### WORK REQUIRED
Pictures aside, output each record exactly.

** EXTRACTED ENTRIES follows **

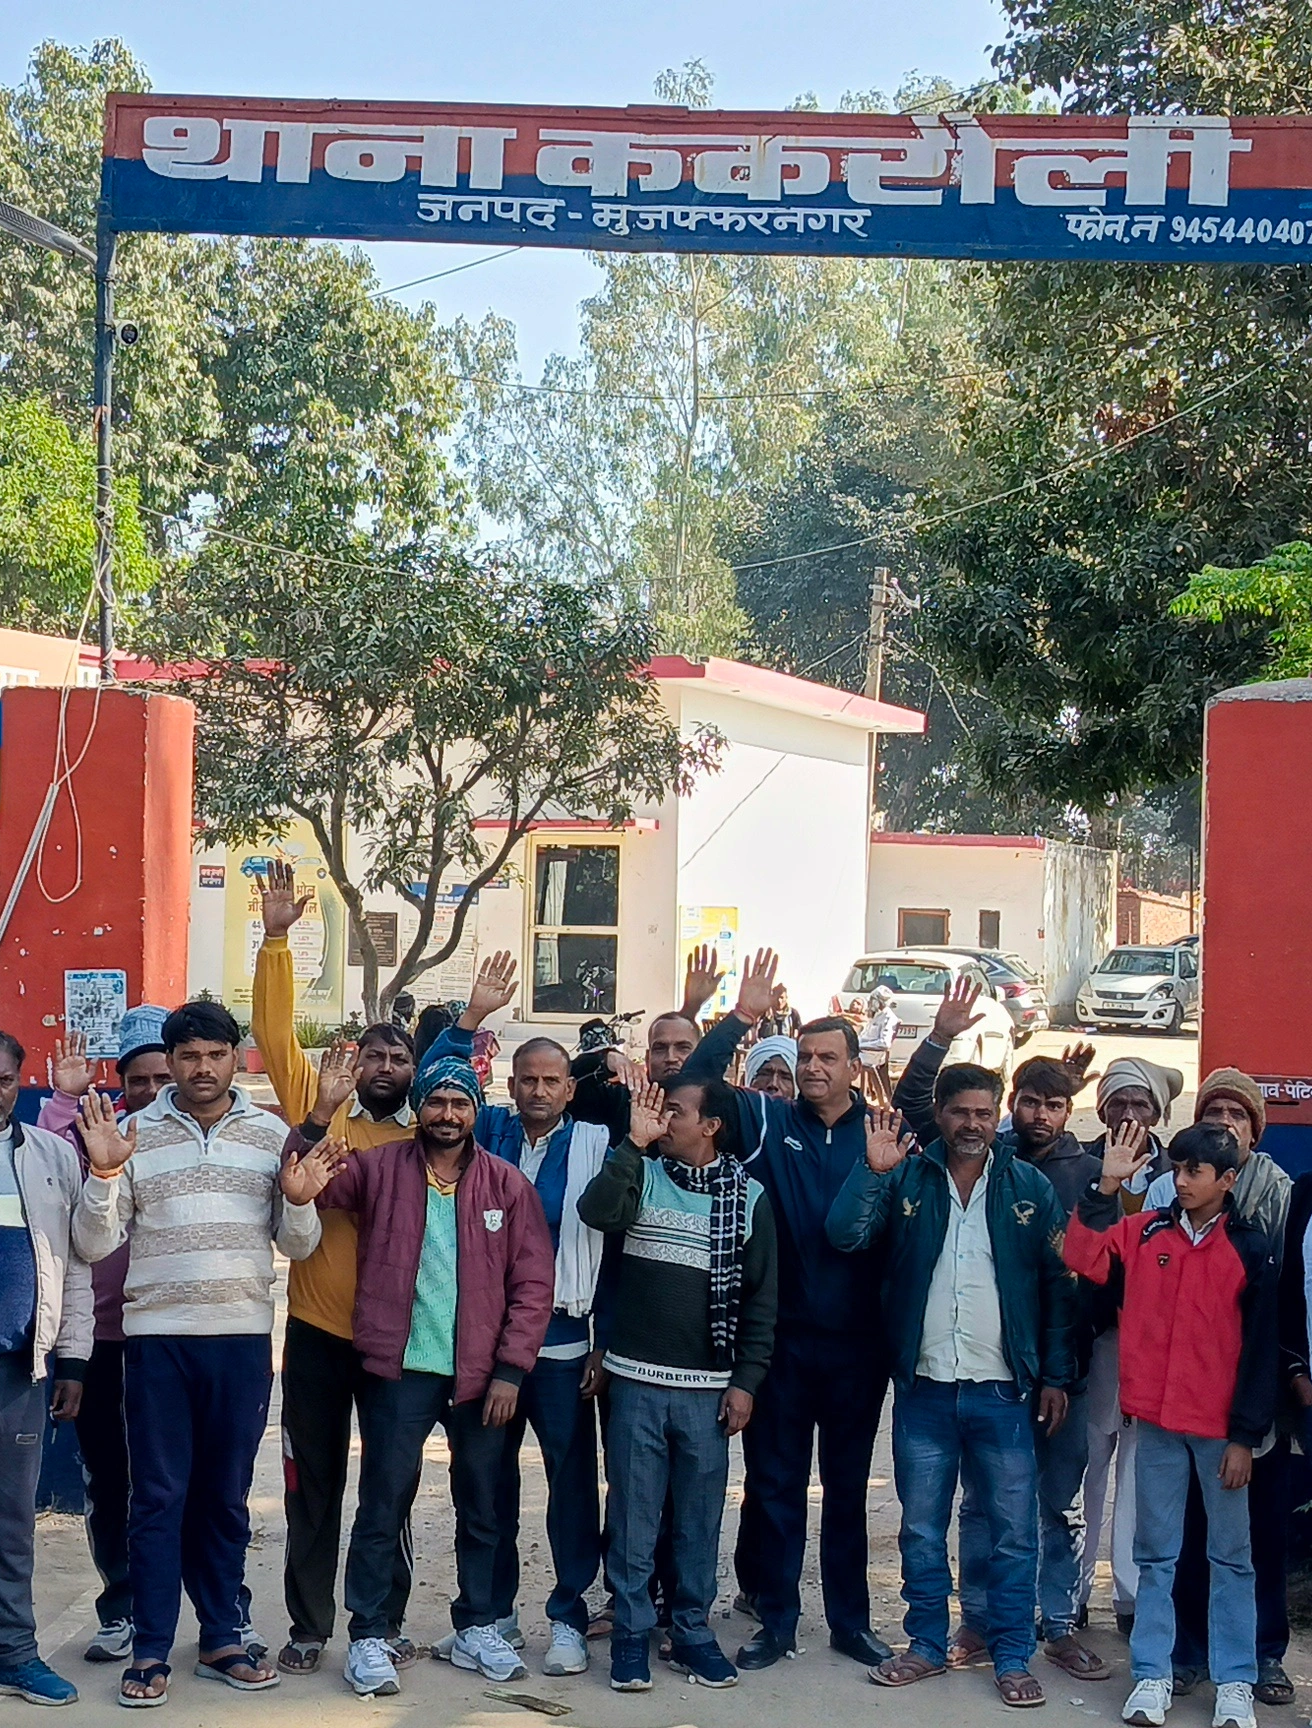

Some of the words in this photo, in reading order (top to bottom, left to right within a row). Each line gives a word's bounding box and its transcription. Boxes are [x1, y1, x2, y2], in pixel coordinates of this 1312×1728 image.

[142, 116, 516, 191] थाना
[417, 193, 566, 229] जनपद
[592, 203, 872, 237] मुजफ्फरनगर
[637, 1366, 710, 1383] BURBERRY

** End of EXTRACTED ENTRIES **

### EXERCISE ANSWER
Some of the words in this photo, in reading order (top to bottom, left to right within a row). Each line gives a word's bounding box and its transcription. Boxes are [x1, y1, x2, y2], in pixel coordinates of this 1312×1728 image.

[142, 116, 516, 191] थाना
[417, 193, 566, 229] जनपद
[592, 203, 872, 237] मुजफ्फरनगर
[637, 1366, 710, 1383] BURBERRY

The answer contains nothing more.